A favore di "istruzione e ricerca" lo stanziamento dovrebbe essere di 28,49 miliardi cui vanno aggiunti i 27,62 miliardi per "l'inclusione e la coesione".
Ultima voce di spesa è quella che riguarda la "sanità" cui il Governo destinerebbe solo 19,72 miliardi.
Le 13 pagine preparate dal Governo e girate ai partiti sono definite fin dalle premesse "un documento di lavoro interno al governo, per favorire il raggiungimento dell'accordo politico sulle modifiche alla bozza". L'idea sarebbe quella di non disperdere fondi in micro erogazioni (andranno a sparire quasi tutti i "bonus" tanto cari a Conte e i suoi) per concentrare risorse e innovazione in pochi progetti cardine.

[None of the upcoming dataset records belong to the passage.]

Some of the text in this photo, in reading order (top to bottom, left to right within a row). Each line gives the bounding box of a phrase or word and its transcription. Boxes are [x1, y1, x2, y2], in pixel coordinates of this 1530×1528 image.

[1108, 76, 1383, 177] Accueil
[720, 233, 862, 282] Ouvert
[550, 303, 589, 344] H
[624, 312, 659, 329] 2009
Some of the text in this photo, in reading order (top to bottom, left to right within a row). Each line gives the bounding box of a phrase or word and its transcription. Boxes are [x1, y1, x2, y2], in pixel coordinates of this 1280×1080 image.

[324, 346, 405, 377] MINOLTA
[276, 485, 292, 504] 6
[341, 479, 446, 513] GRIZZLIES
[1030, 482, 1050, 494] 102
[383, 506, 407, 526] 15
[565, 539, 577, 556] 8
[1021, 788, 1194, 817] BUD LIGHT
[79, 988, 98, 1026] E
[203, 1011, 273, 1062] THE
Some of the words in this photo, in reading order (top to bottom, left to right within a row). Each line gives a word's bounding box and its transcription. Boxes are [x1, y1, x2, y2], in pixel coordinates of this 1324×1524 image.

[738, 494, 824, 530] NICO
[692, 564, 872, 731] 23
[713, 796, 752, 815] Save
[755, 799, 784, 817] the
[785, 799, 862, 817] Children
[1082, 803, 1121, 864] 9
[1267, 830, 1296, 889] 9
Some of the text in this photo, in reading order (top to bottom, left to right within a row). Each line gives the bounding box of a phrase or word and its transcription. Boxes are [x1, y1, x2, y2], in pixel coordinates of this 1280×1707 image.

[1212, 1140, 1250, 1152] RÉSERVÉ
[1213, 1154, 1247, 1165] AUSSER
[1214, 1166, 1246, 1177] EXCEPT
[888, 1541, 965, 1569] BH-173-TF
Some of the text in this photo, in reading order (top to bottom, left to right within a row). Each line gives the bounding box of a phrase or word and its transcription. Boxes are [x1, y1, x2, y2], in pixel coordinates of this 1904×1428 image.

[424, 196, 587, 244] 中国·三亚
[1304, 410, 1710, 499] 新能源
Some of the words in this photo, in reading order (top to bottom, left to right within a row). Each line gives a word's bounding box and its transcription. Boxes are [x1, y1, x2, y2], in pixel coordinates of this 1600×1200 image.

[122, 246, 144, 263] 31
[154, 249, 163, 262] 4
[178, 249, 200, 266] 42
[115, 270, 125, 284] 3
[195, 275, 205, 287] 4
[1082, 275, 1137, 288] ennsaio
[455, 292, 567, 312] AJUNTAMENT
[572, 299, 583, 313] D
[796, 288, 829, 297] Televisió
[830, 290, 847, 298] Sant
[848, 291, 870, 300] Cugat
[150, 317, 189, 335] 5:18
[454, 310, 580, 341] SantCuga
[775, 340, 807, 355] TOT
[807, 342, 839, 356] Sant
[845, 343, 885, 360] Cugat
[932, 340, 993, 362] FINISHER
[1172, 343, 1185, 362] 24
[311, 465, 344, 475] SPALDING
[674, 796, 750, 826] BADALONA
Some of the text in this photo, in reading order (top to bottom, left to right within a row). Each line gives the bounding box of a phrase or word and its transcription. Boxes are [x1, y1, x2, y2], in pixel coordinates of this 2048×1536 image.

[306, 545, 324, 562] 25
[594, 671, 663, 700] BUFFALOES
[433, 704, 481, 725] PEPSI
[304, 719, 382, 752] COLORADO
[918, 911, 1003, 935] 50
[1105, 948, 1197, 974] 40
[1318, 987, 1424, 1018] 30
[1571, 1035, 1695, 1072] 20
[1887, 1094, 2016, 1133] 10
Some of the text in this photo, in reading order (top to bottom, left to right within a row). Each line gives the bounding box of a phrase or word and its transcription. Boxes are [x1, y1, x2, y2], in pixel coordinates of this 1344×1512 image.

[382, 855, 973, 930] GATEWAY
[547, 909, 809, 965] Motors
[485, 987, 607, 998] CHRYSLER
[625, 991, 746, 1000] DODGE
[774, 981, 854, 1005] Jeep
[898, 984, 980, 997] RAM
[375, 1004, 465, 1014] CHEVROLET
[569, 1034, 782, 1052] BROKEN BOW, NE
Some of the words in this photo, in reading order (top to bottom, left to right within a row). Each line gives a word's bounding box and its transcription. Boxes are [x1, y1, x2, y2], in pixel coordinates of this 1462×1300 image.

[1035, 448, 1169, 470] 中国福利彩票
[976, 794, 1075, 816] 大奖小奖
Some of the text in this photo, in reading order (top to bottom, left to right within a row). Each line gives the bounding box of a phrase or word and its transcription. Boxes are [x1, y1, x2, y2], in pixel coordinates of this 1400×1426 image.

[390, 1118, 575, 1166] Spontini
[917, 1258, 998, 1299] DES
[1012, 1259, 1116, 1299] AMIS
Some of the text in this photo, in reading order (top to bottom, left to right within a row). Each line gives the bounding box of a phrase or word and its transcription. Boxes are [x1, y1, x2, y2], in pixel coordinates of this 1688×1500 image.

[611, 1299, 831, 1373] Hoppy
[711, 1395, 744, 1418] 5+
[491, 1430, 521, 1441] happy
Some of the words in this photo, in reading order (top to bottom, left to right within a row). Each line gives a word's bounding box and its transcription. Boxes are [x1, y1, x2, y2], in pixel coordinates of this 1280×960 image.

Il problema, però, al di là della distribuzione dei fondi, è proprio l'architettura istituzionale del piano.
L'Italia, infatti, "deve introdurre procedure straordinarie con leggi capaci di accelerare gli investimenti e corsie preferenziali" come spiegato a Repubblica dal Commissario UE Paolo Gentiloni, ma queste "corsie" al momento non esistono e rischiano di rallentare il treno se non addirittura fermarllo
I vincoli per l'erogazione delle tranche sono infatti legati al doppio filo dalla messa in atto delle riforme e alla loro attuazione che verrà monitorata da un'UE già oggi preoccupata e scettica nei confronti del modus operandi dell'Italia.
I fondi, infatti, vanno impiegati entro il 2023 e spesi entro il 2026 per ricominciare a restituirli nel 2027. Se i giochetti di potere politico economico interni al Paese rallentano la pianificazione delle riforme l'UE ha tutto il diritto di bloccare l'erogazione dei fondi lasciando l'Italia a secco.